A review of how well the performance of the island's CEO and top civil servants' is being measured and managed has opened.
Launched by the Public Accounts Committee, a group of politicians responsible for scrutinising spending and governance in the civil service, the review will examine the current situation and also aim to establish whether previous recommendations to improve performance management across government have been acted on.
The panel will gather written evidence, as well as holding public hearings and private briefings with key officers, before publishing a report detailing their findings and recommendations.
Their work will aim to build on a report by the previous PAC, who examined the OneGov reforms made under former CEO Charlie Parker and associated new performance management processes.

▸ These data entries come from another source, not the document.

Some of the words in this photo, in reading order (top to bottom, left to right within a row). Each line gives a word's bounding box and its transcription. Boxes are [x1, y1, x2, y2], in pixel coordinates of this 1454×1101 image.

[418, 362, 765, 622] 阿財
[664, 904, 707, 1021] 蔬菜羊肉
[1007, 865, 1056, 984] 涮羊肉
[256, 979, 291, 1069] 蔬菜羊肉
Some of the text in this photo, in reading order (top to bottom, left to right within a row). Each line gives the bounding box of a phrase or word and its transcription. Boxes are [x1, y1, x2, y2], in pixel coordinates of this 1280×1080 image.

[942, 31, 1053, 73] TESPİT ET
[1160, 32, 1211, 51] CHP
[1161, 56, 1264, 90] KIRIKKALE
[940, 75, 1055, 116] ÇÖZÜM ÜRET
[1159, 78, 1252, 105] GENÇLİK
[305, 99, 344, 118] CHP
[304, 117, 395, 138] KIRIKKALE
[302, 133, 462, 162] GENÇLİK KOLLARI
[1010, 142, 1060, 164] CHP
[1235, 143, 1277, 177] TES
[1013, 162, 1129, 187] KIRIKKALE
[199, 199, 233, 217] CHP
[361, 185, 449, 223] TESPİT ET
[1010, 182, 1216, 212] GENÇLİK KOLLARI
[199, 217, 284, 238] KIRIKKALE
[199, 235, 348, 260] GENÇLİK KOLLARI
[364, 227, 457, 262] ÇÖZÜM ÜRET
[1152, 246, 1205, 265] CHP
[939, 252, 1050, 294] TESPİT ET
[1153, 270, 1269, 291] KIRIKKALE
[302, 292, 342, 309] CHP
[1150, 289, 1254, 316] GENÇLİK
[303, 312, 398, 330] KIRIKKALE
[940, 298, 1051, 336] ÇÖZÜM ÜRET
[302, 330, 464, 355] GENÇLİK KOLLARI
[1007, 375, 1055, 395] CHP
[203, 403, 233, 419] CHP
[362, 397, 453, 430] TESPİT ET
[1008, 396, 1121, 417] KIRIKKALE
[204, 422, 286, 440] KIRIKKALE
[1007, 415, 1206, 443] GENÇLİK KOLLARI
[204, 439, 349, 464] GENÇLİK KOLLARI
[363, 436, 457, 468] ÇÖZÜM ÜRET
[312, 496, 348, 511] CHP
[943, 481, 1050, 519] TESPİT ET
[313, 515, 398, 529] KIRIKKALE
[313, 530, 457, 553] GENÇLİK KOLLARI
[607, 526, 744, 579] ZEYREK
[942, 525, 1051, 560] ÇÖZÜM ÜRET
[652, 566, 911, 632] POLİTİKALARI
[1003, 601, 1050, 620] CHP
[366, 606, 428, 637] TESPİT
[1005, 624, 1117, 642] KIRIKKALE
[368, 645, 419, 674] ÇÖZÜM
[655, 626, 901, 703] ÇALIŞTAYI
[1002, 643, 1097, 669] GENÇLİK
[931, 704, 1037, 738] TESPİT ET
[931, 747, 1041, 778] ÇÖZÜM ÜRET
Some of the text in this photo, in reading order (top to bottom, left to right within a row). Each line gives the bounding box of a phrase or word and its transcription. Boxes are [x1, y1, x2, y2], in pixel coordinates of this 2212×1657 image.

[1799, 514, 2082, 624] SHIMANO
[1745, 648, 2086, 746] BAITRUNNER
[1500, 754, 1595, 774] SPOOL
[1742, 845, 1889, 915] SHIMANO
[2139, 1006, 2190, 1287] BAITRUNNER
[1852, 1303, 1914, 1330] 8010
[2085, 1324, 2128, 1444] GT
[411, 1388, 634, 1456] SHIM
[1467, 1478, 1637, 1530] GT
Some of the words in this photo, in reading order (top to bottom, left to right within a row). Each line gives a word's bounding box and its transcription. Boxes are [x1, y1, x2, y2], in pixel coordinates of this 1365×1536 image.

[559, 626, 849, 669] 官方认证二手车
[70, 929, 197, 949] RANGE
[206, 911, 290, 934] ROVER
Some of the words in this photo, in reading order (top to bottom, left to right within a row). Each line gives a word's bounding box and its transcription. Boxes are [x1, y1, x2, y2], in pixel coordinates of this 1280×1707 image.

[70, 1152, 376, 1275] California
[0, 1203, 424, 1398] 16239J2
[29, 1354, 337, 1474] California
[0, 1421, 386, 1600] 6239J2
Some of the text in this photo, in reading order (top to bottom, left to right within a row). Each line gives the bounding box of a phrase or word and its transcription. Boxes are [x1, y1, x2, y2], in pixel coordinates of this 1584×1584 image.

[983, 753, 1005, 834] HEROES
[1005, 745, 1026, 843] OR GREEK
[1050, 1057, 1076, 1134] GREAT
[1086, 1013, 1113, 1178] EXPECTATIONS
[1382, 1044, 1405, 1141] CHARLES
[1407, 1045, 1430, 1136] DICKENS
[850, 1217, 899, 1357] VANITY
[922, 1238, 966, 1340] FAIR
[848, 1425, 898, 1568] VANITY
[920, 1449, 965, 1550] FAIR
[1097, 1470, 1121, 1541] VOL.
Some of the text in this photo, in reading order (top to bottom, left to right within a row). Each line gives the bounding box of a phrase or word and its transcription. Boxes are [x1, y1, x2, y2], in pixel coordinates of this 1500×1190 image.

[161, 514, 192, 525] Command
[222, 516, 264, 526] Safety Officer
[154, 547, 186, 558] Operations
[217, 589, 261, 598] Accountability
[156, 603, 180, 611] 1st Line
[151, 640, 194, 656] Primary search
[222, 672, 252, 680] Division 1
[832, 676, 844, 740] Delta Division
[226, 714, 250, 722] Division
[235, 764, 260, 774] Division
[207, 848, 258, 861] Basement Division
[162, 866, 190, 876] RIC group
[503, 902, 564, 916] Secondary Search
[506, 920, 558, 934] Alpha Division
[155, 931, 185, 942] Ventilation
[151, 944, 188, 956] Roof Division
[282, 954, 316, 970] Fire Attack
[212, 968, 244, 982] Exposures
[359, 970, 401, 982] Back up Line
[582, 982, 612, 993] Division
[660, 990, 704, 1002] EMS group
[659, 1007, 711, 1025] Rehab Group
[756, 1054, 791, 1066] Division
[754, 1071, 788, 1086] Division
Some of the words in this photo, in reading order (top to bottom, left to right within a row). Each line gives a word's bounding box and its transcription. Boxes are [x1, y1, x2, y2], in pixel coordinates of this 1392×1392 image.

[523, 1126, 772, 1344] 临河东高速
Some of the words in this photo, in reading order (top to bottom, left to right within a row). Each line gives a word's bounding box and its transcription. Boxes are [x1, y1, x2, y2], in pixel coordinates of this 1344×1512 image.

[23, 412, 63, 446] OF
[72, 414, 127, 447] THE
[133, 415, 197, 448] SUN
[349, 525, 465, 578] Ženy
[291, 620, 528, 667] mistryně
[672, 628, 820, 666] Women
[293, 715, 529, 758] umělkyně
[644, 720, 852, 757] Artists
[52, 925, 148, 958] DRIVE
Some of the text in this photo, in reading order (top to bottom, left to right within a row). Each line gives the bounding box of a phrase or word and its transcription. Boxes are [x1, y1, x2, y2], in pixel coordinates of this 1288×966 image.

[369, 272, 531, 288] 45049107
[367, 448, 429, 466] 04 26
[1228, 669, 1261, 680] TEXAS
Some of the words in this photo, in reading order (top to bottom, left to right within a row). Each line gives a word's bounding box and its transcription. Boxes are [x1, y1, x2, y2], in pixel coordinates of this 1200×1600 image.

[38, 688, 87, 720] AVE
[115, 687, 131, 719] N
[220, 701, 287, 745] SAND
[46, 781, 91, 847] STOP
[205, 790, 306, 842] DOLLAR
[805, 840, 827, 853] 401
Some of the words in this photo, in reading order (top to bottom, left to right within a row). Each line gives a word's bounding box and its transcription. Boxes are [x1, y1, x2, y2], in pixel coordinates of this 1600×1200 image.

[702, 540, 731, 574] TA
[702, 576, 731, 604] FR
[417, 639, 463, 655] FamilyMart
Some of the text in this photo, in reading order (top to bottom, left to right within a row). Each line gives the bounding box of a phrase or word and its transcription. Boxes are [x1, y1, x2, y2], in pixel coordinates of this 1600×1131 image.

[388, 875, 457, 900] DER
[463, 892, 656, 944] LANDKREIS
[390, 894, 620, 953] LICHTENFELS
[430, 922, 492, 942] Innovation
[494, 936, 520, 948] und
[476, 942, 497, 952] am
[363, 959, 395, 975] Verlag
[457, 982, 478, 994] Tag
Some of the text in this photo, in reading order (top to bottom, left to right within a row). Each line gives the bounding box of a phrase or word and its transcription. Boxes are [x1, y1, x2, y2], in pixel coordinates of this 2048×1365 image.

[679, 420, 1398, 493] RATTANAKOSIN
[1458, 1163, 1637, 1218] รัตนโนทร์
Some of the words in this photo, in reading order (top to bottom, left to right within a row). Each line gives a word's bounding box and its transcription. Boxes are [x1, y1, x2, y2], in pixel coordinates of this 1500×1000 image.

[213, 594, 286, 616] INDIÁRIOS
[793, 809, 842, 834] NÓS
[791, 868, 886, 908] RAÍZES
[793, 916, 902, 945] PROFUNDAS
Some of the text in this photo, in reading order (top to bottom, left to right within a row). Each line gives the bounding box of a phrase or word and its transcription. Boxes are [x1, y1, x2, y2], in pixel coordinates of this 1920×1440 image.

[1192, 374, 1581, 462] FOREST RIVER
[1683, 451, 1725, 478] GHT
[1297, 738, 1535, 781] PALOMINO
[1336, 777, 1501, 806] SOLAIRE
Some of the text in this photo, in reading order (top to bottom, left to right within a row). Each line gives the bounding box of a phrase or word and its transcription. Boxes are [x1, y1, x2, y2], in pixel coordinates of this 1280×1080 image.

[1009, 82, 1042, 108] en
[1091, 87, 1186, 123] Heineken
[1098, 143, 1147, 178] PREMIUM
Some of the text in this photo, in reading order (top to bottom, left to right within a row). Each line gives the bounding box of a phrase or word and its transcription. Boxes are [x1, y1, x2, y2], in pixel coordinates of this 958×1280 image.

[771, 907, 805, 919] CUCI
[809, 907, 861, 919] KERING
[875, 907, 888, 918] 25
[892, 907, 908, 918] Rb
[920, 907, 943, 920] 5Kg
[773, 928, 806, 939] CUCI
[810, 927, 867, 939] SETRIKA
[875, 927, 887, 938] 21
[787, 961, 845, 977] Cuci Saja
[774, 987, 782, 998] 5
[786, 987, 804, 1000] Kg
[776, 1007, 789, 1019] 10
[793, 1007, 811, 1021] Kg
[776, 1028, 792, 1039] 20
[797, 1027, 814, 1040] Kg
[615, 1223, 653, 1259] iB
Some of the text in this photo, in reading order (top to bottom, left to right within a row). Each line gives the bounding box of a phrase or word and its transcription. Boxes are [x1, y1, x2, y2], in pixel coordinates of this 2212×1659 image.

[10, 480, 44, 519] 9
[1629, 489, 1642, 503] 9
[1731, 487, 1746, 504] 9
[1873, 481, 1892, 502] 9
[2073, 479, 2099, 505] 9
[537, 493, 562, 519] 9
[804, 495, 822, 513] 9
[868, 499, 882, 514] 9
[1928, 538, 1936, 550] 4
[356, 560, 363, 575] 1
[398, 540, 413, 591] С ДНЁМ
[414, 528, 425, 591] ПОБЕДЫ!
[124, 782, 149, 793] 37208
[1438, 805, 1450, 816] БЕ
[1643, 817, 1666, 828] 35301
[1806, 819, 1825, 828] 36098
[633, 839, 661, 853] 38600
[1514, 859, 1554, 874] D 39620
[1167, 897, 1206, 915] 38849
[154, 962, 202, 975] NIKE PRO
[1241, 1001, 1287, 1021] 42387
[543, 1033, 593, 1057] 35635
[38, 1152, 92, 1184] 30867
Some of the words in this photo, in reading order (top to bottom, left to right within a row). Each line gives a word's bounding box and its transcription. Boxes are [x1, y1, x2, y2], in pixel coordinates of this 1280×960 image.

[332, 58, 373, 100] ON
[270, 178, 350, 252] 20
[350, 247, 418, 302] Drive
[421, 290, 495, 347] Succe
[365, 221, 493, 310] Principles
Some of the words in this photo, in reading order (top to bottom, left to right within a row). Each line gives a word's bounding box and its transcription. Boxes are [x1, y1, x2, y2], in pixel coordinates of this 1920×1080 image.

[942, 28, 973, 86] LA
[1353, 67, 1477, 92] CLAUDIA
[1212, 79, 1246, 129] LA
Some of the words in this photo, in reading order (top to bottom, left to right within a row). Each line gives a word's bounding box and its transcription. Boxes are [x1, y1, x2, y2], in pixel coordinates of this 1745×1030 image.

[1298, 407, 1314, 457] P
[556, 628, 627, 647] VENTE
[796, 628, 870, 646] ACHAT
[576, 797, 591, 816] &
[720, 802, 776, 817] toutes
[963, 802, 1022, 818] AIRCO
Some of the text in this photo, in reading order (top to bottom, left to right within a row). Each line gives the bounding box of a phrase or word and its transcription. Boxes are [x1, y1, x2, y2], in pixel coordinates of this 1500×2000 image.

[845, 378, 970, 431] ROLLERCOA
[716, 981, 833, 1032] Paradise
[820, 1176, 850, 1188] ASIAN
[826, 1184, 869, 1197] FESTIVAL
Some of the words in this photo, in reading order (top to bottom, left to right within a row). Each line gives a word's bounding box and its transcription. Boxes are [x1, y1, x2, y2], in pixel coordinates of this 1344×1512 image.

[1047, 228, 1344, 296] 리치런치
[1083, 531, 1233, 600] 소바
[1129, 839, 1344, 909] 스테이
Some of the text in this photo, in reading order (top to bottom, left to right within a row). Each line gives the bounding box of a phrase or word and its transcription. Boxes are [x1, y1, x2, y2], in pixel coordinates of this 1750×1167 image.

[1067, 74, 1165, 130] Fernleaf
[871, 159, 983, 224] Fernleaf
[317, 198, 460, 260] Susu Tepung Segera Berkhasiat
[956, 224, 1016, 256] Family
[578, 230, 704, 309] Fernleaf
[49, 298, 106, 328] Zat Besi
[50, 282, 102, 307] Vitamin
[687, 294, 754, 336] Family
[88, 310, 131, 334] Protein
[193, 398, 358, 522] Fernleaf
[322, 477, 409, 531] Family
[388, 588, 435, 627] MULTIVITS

PAC Chair Deputy Lyndsay Feltham said: "A robust system of performance management is key to holding government accountable and encouraging better performance, streamlining and culture across departments and employees."
Pictured: Deputy Feltham hopes the new review of how senior government officials perform in their roles will encourage better performance across all departments.
It emerged during a PAC hearing in February that CEO Suzanne Wylie was working without any performance targets, one year into the role.
These targets - known as 'key performance indicators' or 'KPIs' - were due to be set by the end of February. The following month, however, the Chief Minister admitted that this deadline had been missed.
Around two weeks later, Mrs Wylie handed in her resignation notice to the Chief Minister.
The previous government came under strong criticism when Express revealed that Chief Executive Charlie Parker, who led the government from 2018 before being instructed to leave in 2020, did not have any KPIs eight months into the job.
The situation was only partially rectified in November 2018 - after a landmark challenge by Express under the Freedom of Information Law revealed that Mr Parker’s contract allowed him to write his own job description.
That same day, the government announced that Chief Minister John Le Fondré had set seven “strategic objectives” for the CEO, and that a world-leading business psychologist, who Express uncovered that Mr Parker had previously worked with, had been appointed to assess his progress against these.
Those objectives, which included “deliver One Government” and “lead organisational change”, came under fire for being vague.
Mr Parker did, however, commit to report back to the States Assembly at six-month intervals on his major restructuring of government, which was blighted by unrest among staff and concerns over the number of highly paid consultants being brought in from the UK.
Ms Wylie was not asked to provide any reports.
The Chief Minister said in a statement that work was underway to "assess the role of the CEO going forward", while Mrs Wylie said in her resignation letter: "There is much political debate on the role of the CEO and my departure will also open the opportunity to assess if it should be changed and to what degree."